**Task requirements**
Apart from any images, the entries are to be output exactly.

★ ★ ★ ★ ★

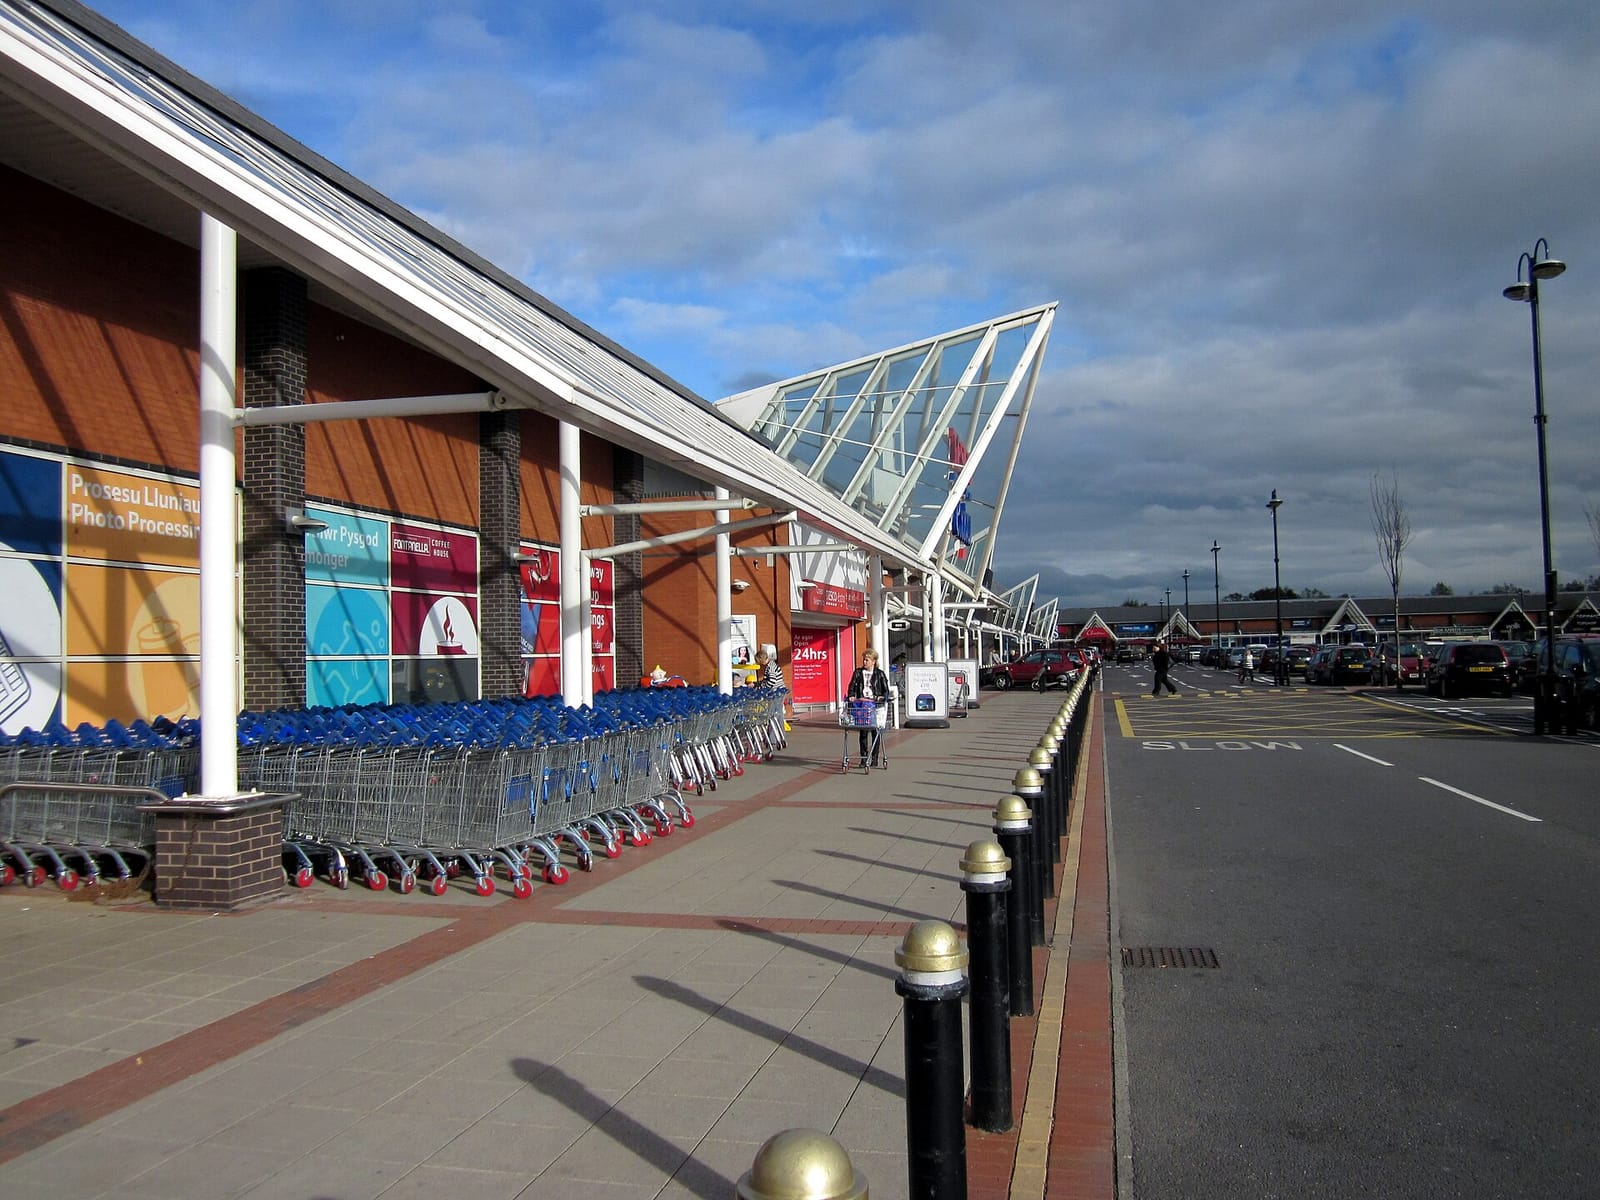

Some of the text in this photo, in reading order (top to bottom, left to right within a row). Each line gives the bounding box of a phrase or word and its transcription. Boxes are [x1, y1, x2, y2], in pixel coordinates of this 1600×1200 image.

[71, 473, 200, 514] Prosesu Lluniau
[71, 503, 125, 530] Photo
[340, 525, 379, 549] Pysgod
[431, 539, 451, 549] COFFEE
[794, 647, 827, 660] 24hrs
[1141, 741, 1303, 751] SLOW
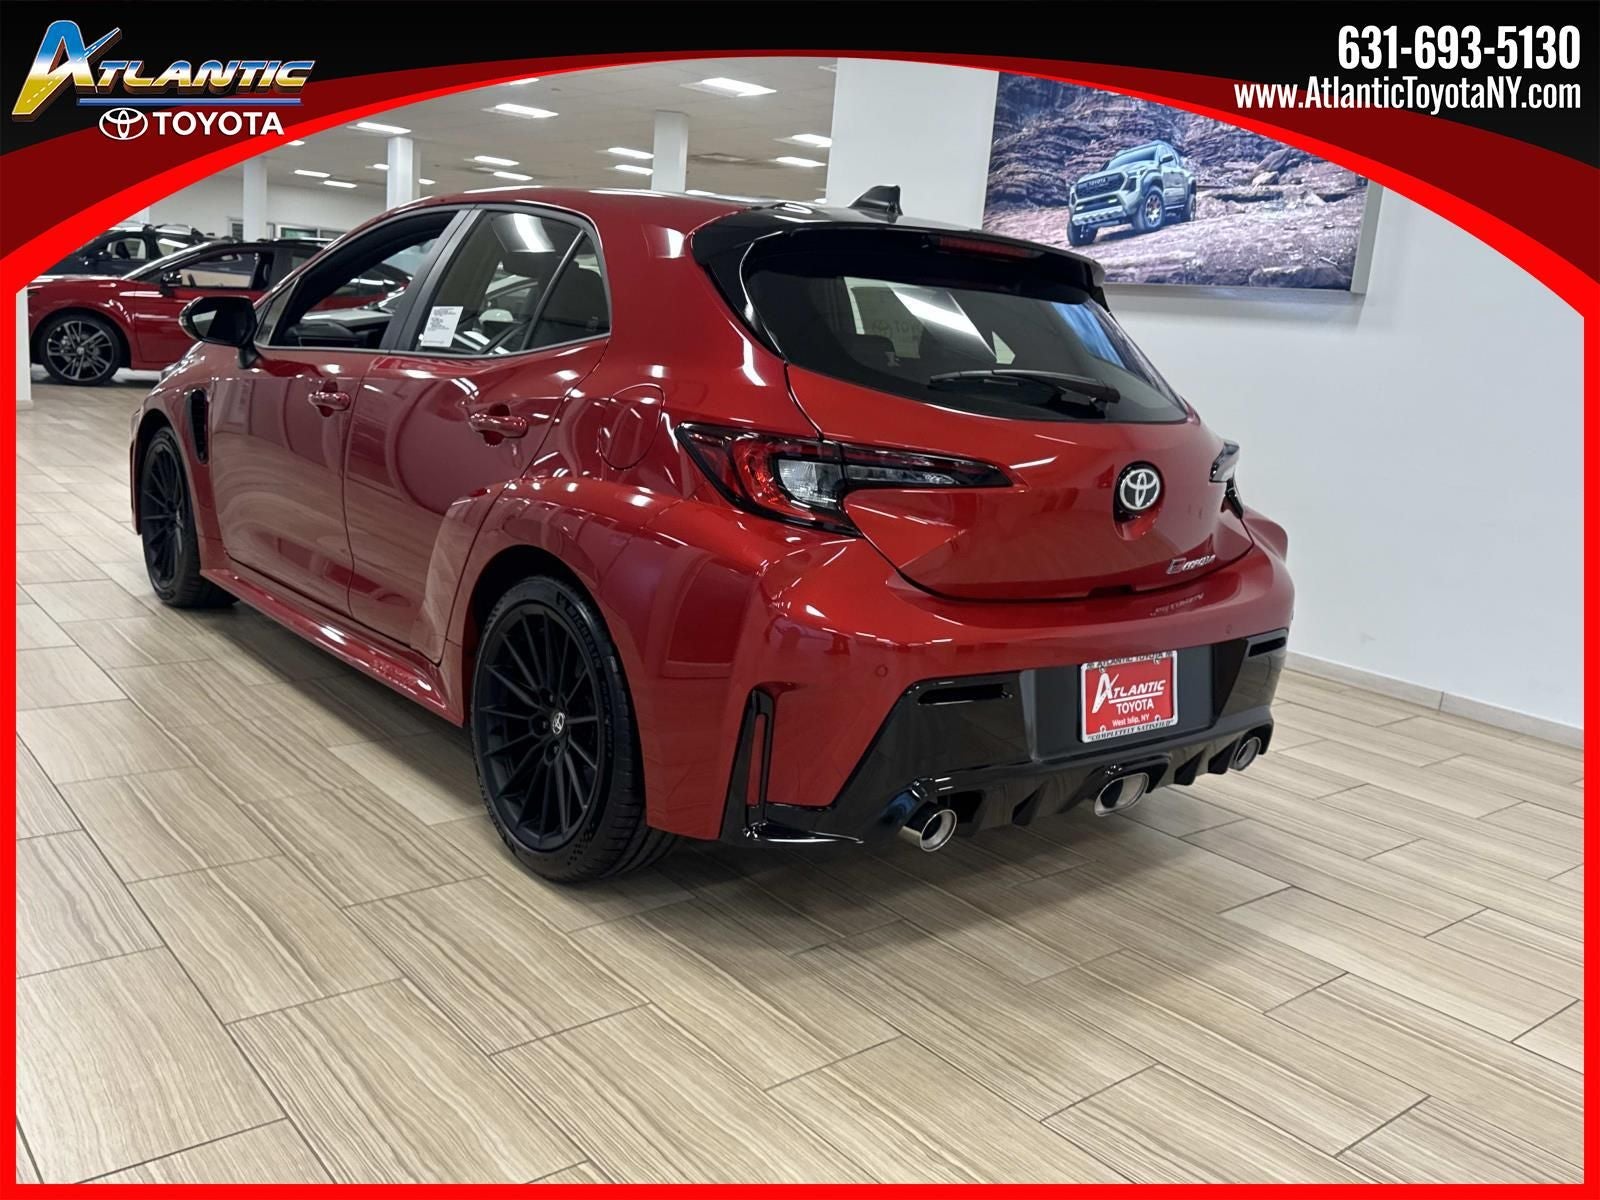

★ ★ ★ ★ ★

**Result**
Some of the text in this photo, in reading order (top to bottom, left to right within a row). Each line gives the bounding box of a phrase or word and its transcription. Boxes are [x1, y1, x2, y2], in pixel coordinates of this 1600×1200 image.

[71, 473, 200, 514] Prosesu Lluniau
[71, 503, 125, 530] Photo
[340, 525, 379, 549] Pysgod
[431, 539, 451, 549] COFFEE
[794, 647, 827, 660] 24hrs
[1141, 741, 1303, 751] SLOW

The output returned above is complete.